BEFORE I MET BOURDAIN, I used to live somewhere else. Where exactly that was is not important to this story. Okay, it was in Estonia. But for various reasons I had to leave that country. That was when I hightailed it across the Gulf of Finland on the Tallink Megastar, and walked down into my new adopted home of Helsinki. That same night I met Bourdain at a burger restaurant on Lönnrotinkatu. I immediately fell in with Bourdain and his crew of Finnish degenerates. Gutter punks. Motorcycle gang rejects. Venture capitalists and angel investors. Tony always rolls with his crew, you see. Even if he hates people, even if he detests them, Bourdain needs to surround himself with a circus. Most of my free nights after that were spent right there in that madcap company, with Bourdain and my new Helsinki friends.
***
Obviously, there is a problem with this story. Bourdain is dead, so they say. He hung himself in some provincial French town a few years ago. His last known meal was a Choucroute Garnie dish, which contained sauerkraut, sausages, and roasted ham. They said Bourdain was in low spirits when he took his own life. He hated his celebrity, his fame, and his relationships were struggling, especially one with a younger Italian actress who shall not be named. All of which is very true. However, if you hate everyone in your life and your life itself, there is actually no reason to commit suicide. Bourdain did not need to hang himself to get away from these pressures. He just needed to disappear to a place where nobody cares if you’re alive or dead. Helsinki, the capital of Finland. Bourdain recalled a newspaper story about an accountant named Otto Nieminen, aged 64, who had died at his desk in his office from a heart attack and had been left sitting there for days because nobody could tell if he was alive or dead.
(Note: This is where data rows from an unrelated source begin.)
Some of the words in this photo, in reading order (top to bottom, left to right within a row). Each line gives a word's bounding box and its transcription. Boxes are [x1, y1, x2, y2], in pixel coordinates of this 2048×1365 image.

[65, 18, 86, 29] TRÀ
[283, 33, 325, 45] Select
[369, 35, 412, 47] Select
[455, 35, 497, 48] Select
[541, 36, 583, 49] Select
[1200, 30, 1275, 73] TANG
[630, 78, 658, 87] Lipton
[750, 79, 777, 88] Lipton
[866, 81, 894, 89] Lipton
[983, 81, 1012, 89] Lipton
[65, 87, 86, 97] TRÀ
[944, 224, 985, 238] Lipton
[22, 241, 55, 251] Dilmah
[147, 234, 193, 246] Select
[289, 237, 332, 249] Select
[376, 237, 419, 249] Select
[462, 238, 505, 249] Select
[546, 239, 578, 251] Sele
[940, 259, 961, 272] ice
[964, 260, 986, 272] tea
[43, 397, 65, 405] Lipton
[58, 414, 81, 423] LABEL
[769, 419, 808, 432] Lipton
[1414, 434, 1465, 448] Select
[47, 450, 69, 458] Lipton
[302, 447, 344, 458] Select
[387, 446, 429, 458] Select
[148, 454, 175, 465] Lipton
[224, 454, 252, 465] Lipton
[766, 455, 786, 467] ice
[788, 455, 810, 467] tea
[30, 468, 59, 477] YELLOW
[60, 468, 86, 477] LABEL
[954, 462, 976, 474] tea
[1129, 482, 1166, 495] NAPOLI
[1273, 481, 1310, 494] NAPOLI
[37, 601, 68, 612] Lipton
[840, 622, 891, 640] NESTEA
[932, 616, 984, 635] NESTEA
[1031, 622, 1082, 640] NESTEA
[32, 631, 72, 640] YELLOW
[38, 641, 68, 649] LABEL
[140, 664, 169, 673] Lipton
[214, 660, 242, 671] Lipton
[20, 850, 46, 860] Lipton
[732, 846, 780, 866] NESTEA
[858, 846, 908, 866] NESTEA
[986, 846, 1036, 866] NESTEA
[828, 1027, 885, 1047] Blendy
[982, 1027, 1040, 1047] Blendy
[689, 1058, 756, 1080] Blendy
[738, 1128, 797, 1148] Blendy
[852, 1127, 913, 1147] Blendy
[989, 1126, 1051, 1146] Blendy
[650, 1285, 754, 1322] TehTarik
Nieminen was in the same position as always. That, Bourdain thought, is where I need to be.
***
If you have ever read Bourdain’s memoir Kitchen Confidential, you know that when Bourdain was young he worked in Provincetown, the bohemian enclave at the tip of Massachusetts’ Cape Cod. You may also recall that some rival chefs in 1970s Provincetown had affected an 18th century buccaneer swagger, and that Bourdain watched them with elements of terror and awe. This was exactly the new persona Bourdain took on with his new Helsinki friends at the burger restaurant. He even kept a colorful parrot, called Papukaija, or Papu for short, who would sit peacefully on Bourdain’s shoulder while he fed it crumbs of Gruyere cheese from his pocket. Then he would announce, in a pirate captain voice, “Seppo, Pasi, me thinks we should go to the A-Plus Karaoke Bar tonight and set us up with some buxom wenches. And fetch me my rum!”
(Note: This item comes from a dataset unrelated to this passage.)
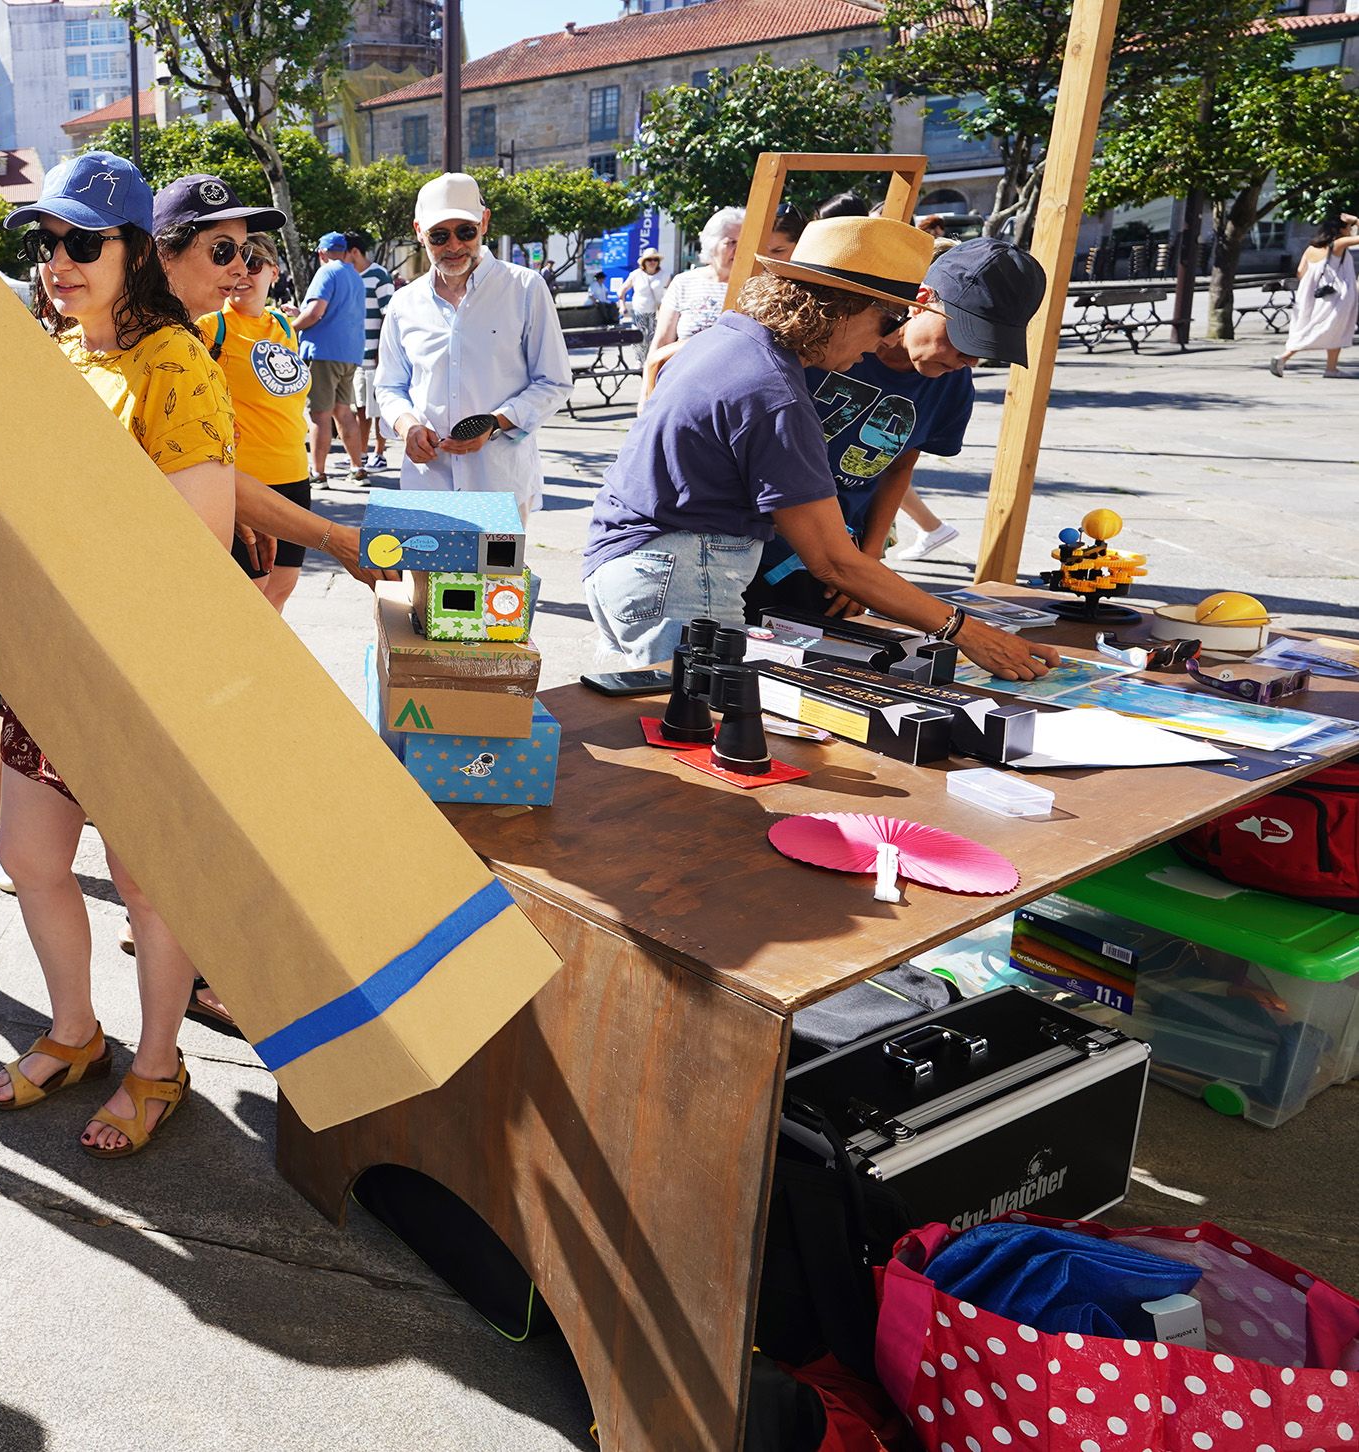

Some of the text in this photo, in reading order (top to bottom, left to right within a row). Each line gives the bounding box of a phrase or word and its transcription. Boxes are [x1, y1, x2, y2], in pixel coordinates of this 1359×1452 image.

Bourdain and his Helsinki friends had numerous scrapes with the law. Such as that time that they punched out an R-Kioski cashier because he put too much mustard on the kabanossi. Another cashier who worked at Aleppa was tarred, feathered, and forced to drink Lapin Kulta. All because the karjalanpiirakka or Karelian pies were a little undercooked. The Finnish police came around the burger joint on Lönnrotinkatu that night. I was seated with my favorite chef, a young Finnish woman who wore a t-shirt that read, “count orgasms, not calories.” I was having the double burger when they questioned me, while Bourdain fed Papu some fries with pesto aioli. But when it came down to it, I lied. I felt uncomfortable about Bourdain and his Finnish convenience store ultraviolence antics, but I valued our new-born friendship even more. When you are in with Bourdain’s gang, you’re in. There is no turning back.
***
This is all just background information, because what I am about to tell you might seem a little unbelievable. You might even be shocked. Even though Bourdain was hiding in plain sight in Helsinki, a cold city where he was free to indulge all of the sinister elements of his dark side, he was still Bourdain, of course, which meant he loved to eat. Often, we would go to Mr. Lee’s Great Wall Kitchen across from the A-Plus Karaoke Bar, enjoying hot bowls of beef or chicken noodles, heavy on the chili. Bourdain swore by the broth, claiming it to be as rich and satisfying as the homemade stuff he had tasted in villages along the Yellow River. Whenever Bourdain tasted the broth, he would start quoting Lao-tzu and rambling on about Wu-Wei. “When your body is not aligned, the inner power will not come. When you are not tranquil within, your mind will not be well ordered.” And so on and so on, etc.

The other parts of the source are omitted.